- [What you have to do]:
Write the data below out exactly as it stands. Do not include the pictures.

=== Section Start ===

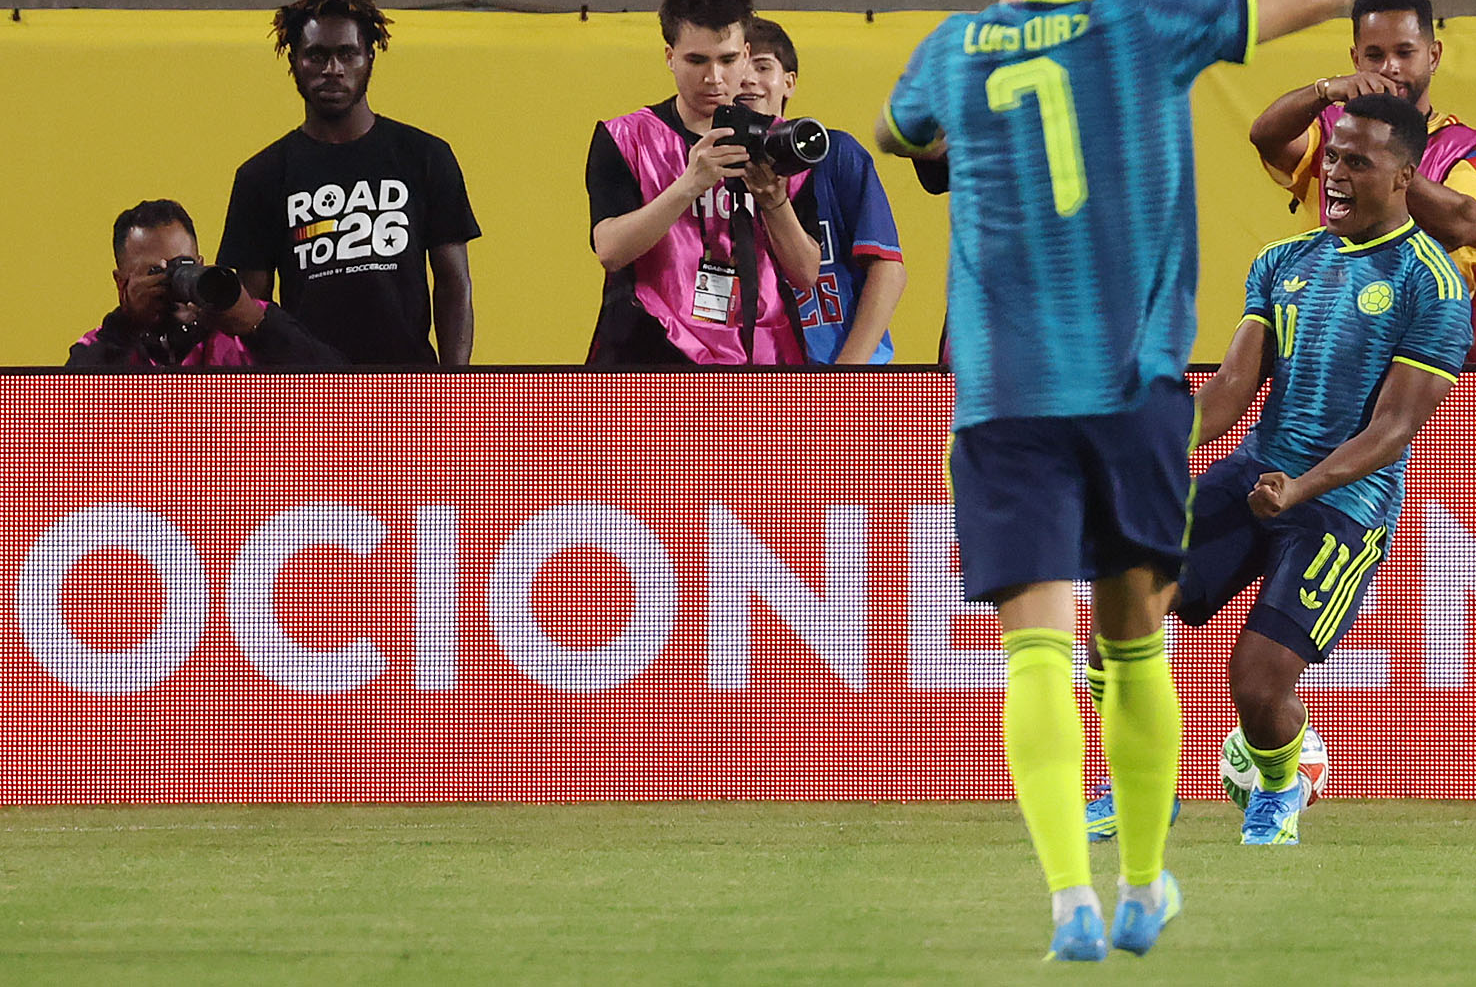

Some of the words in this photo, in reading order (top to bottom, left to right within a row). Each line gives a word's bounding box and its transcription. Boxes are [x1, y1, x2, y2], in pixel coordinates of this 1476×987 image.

[985, 56, 1089, 218] 7
[287, 179, 409, 228] ROAD
[293, 236, 335, 270] TO
[336, 211, 409, 261] 26
[1275, 303, 1298, 360] 11
[1303, 532, 1350, 592] 11
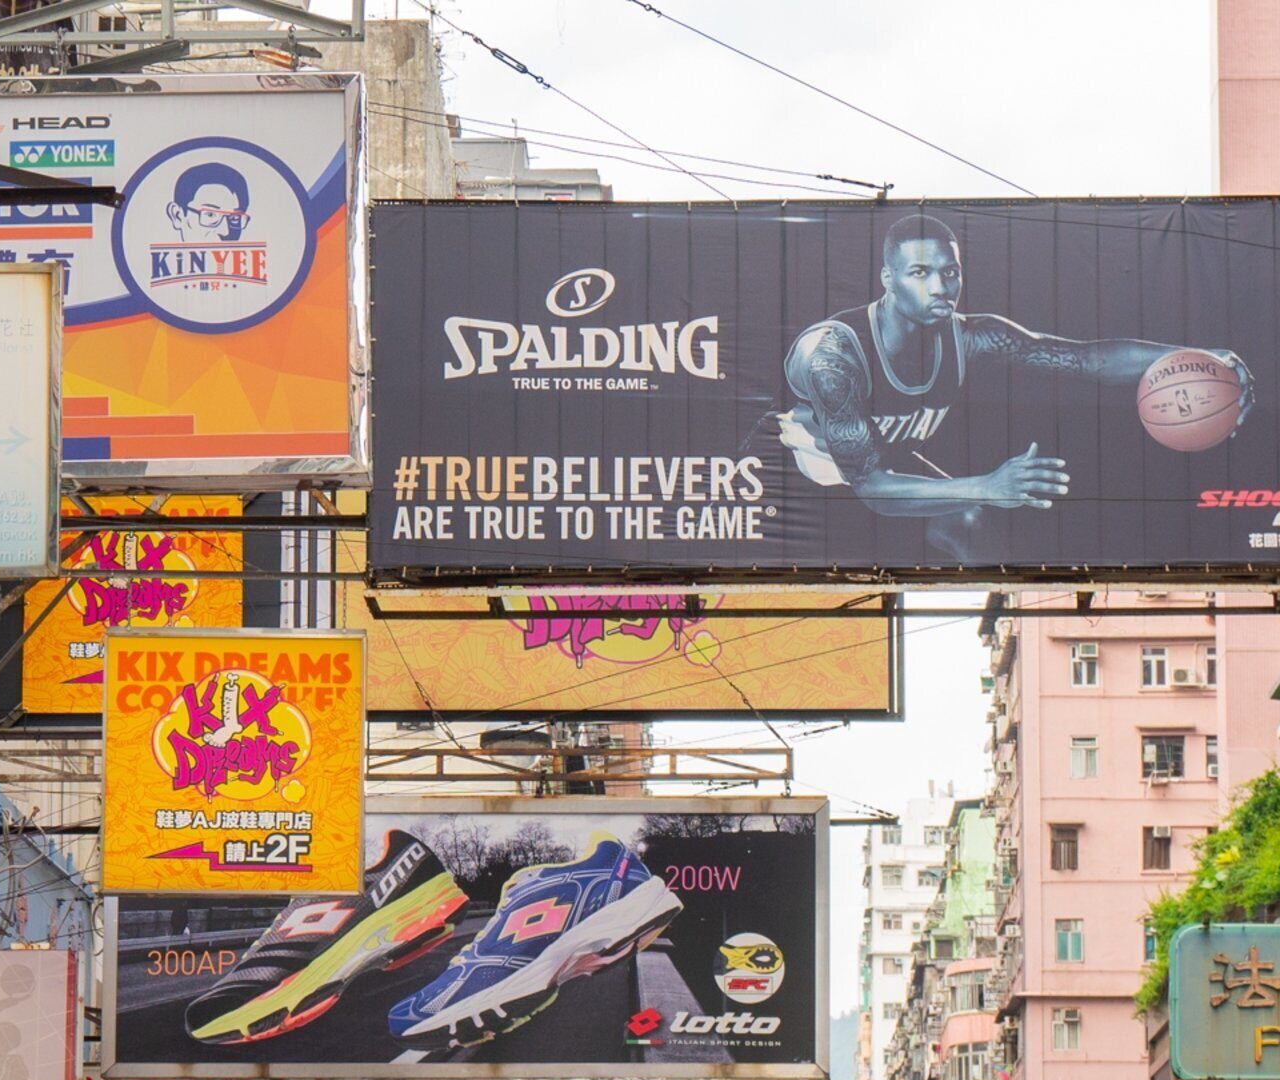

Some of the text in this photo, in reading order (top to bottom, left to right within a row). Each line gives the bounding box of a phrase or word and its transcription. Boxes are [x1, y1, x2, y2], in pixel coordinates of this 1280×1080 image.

=== Section End ===

- [Answer box]:
Some of the words in this photo, in reading order (top to bottom, left to right within a row). Each line gives a word's bounding box and its transcription. Boxes are [x1, y1, x2, y2], in pixel coordinates of this 1476×987 image.

[985, 56, 1089, 218] 7
[287, 179, 409, 228] ROAD
[293, 236, 335, 270] TO
[336, 211, 409, 261] 26
[1275, 303, 1298, 360] 11
[1303, 532, 1350, 592] 11

Some of the text in this photo, in reading order (top to bottom, left to right within a row). Each line gives the bounding box of a phrase or word and its transcription. Boxes are [x1, y1, x2, y2], in pixel coordinates of this 1280×1080 image.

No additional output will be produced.